Stored records →
========

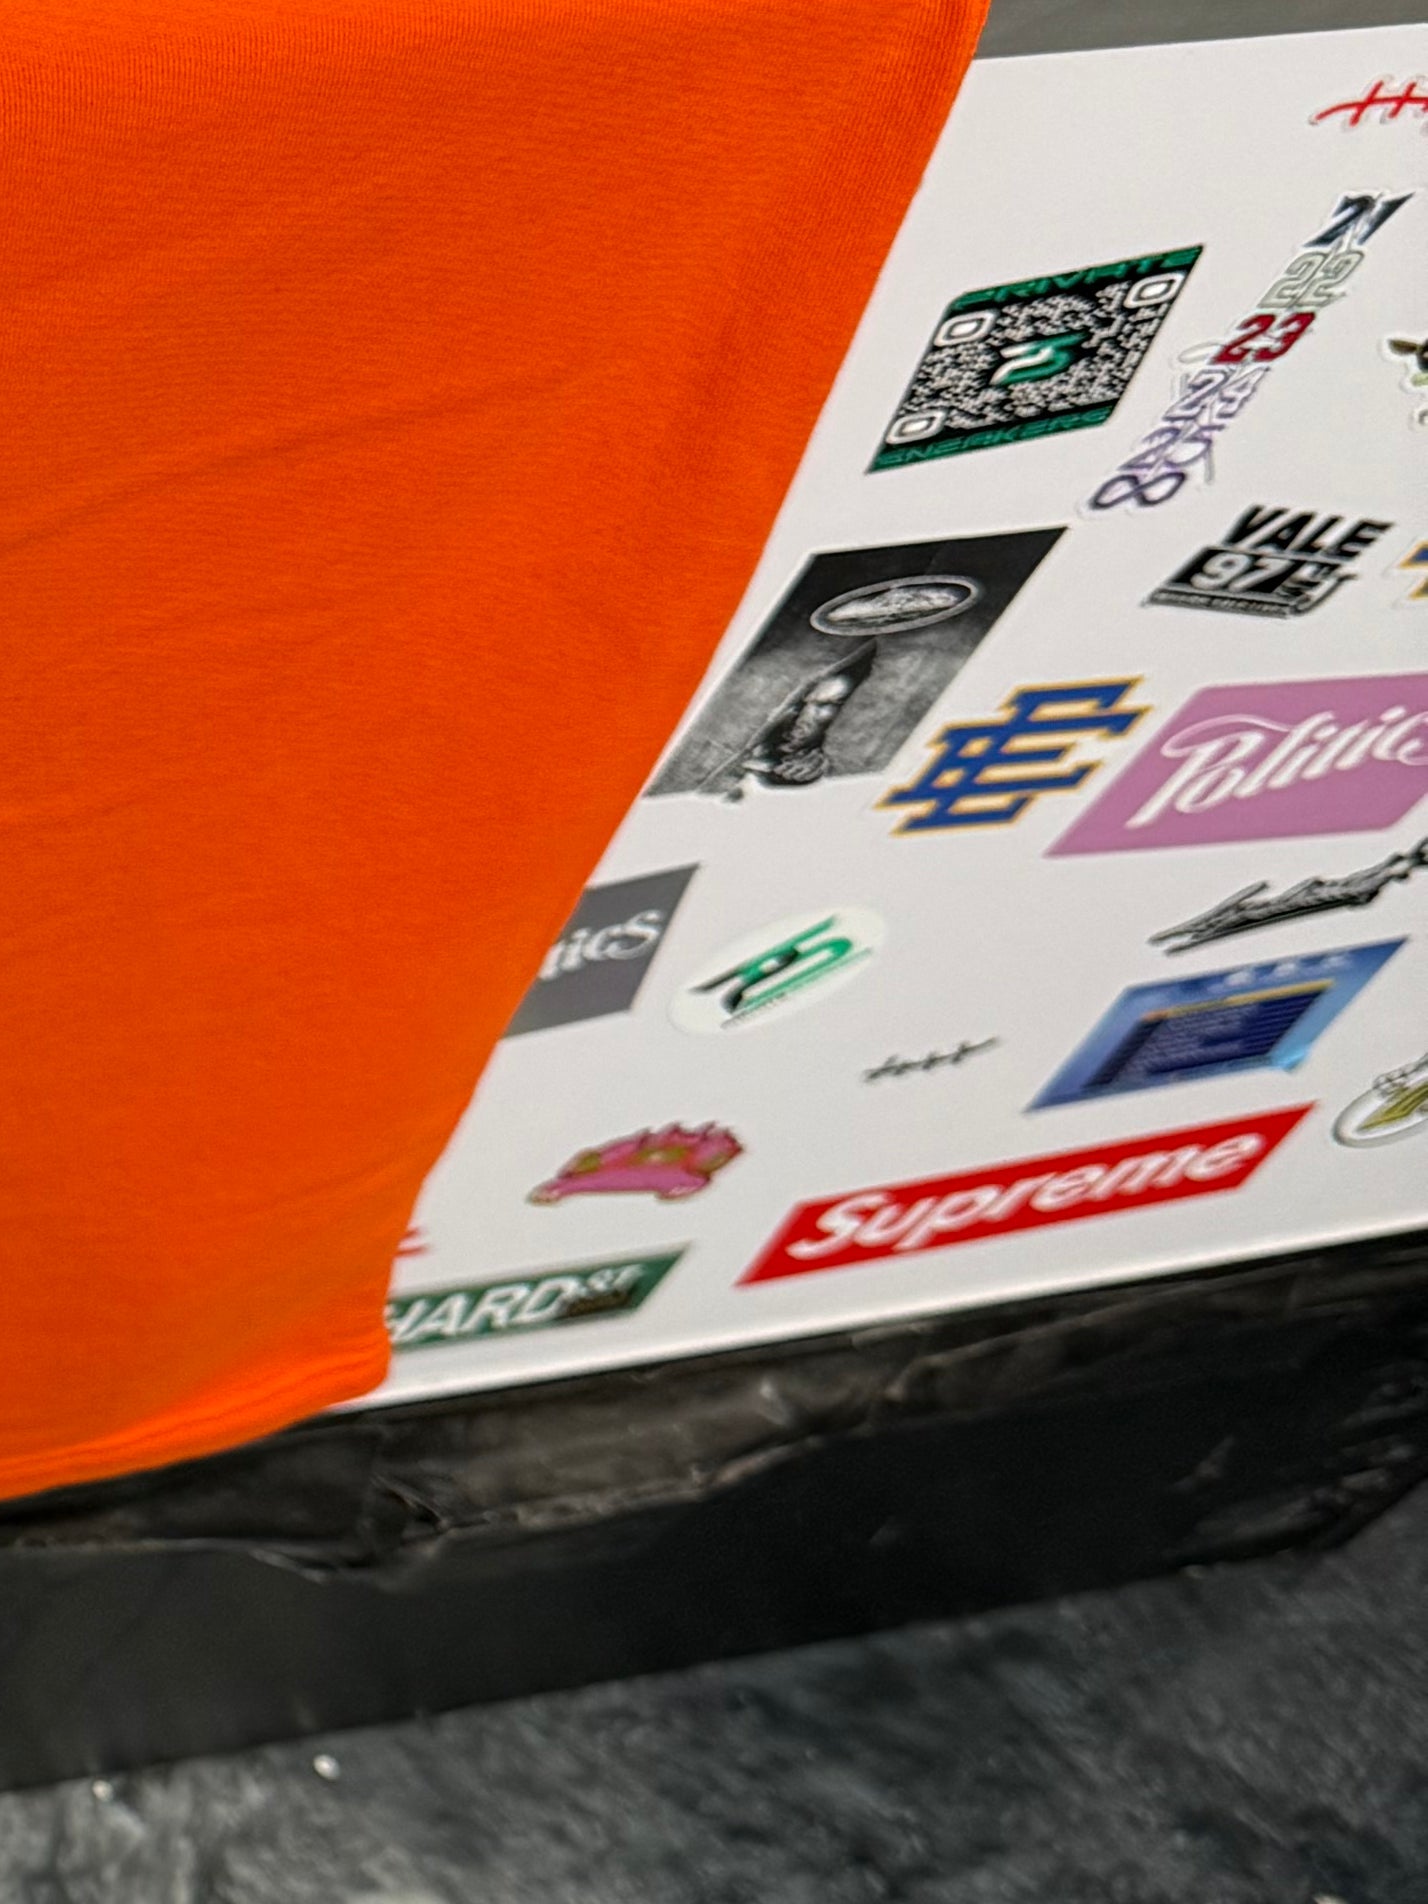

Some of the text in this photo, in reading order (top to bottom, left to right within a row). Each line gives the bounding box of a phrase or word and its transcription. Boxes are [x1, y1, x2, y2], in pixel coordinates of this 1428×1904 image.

[1207, 310, 1317, 366] 23
[1217, 504, 1394, 560] VALE
[1190, 551, 1295, 593] 97
[785, 1133, 1268, 1260] Supreme
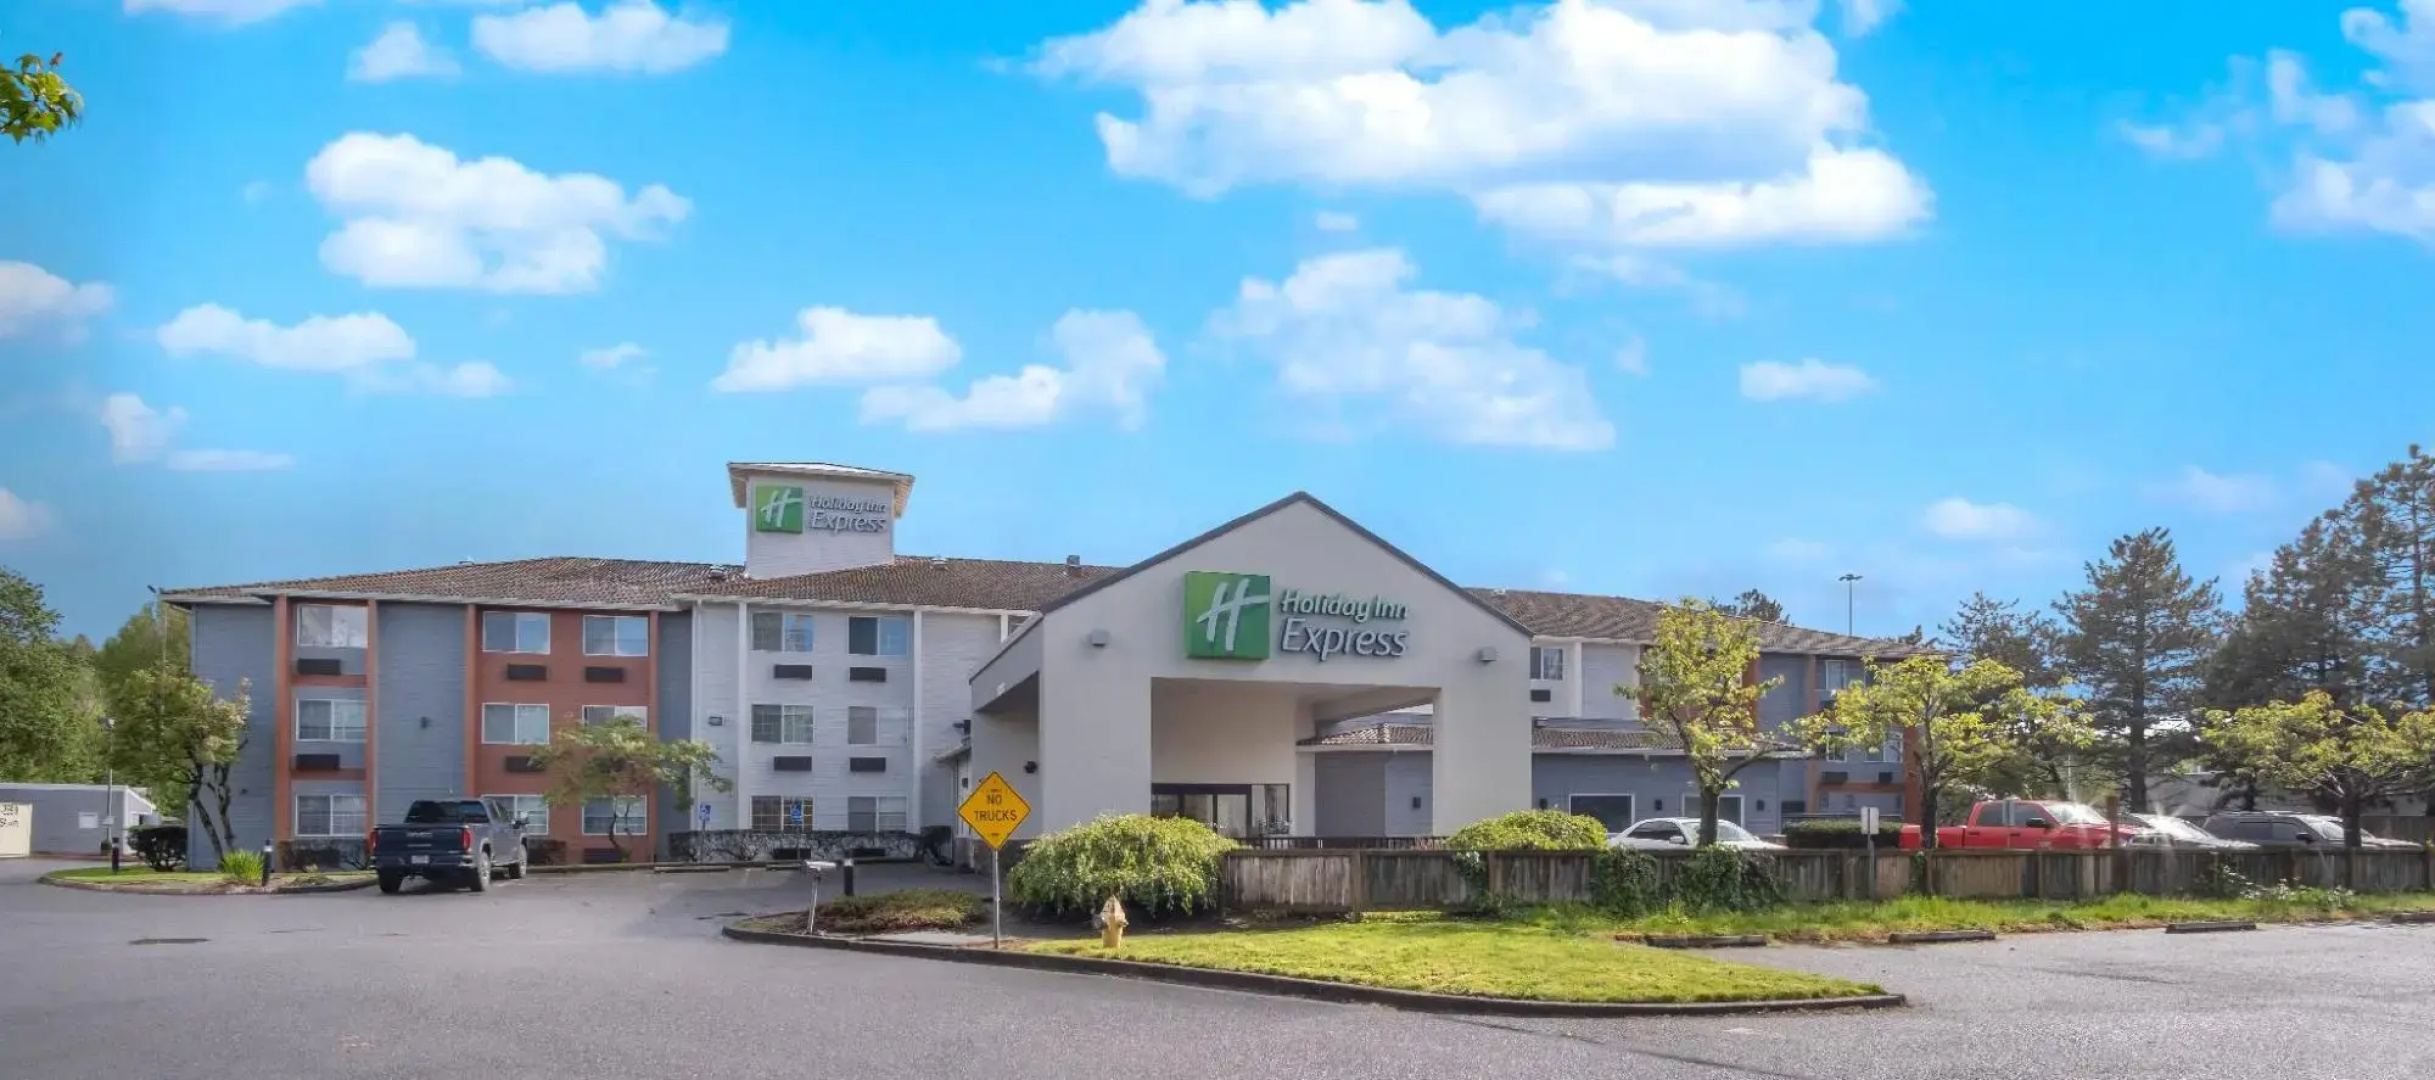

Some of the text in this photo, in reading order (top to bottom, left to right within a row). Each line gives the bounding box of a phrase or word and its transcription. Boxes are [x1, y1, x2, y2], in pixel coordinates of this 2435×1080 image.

========

Exercise instructions → Print the entries above exactly, taking out only the pictures.

Answer space →
Some of the text in this photo, in reading order (top to bottom, left to right within a row). Each line gives the bounding box of a phrase or word and its transcription. Boxes are [x1, y1, x2, y2], in pixel coordinates of this 1428×1904 image.

[1207, 310, 1317, 366] 23
[1217, 504, 1394, 560] VALE
[1190, 551, 1295, 593] 97
[785, 1133, 1268, 1260] Supreme

Some of the text in this photo, in reading order (top to bottom, left to right within a row). Each line gives the bounding box of a phrase or word and its transcription. Boxes are [x1, y1, x2, y2], in pixel coordinates of this 2435×1080 image.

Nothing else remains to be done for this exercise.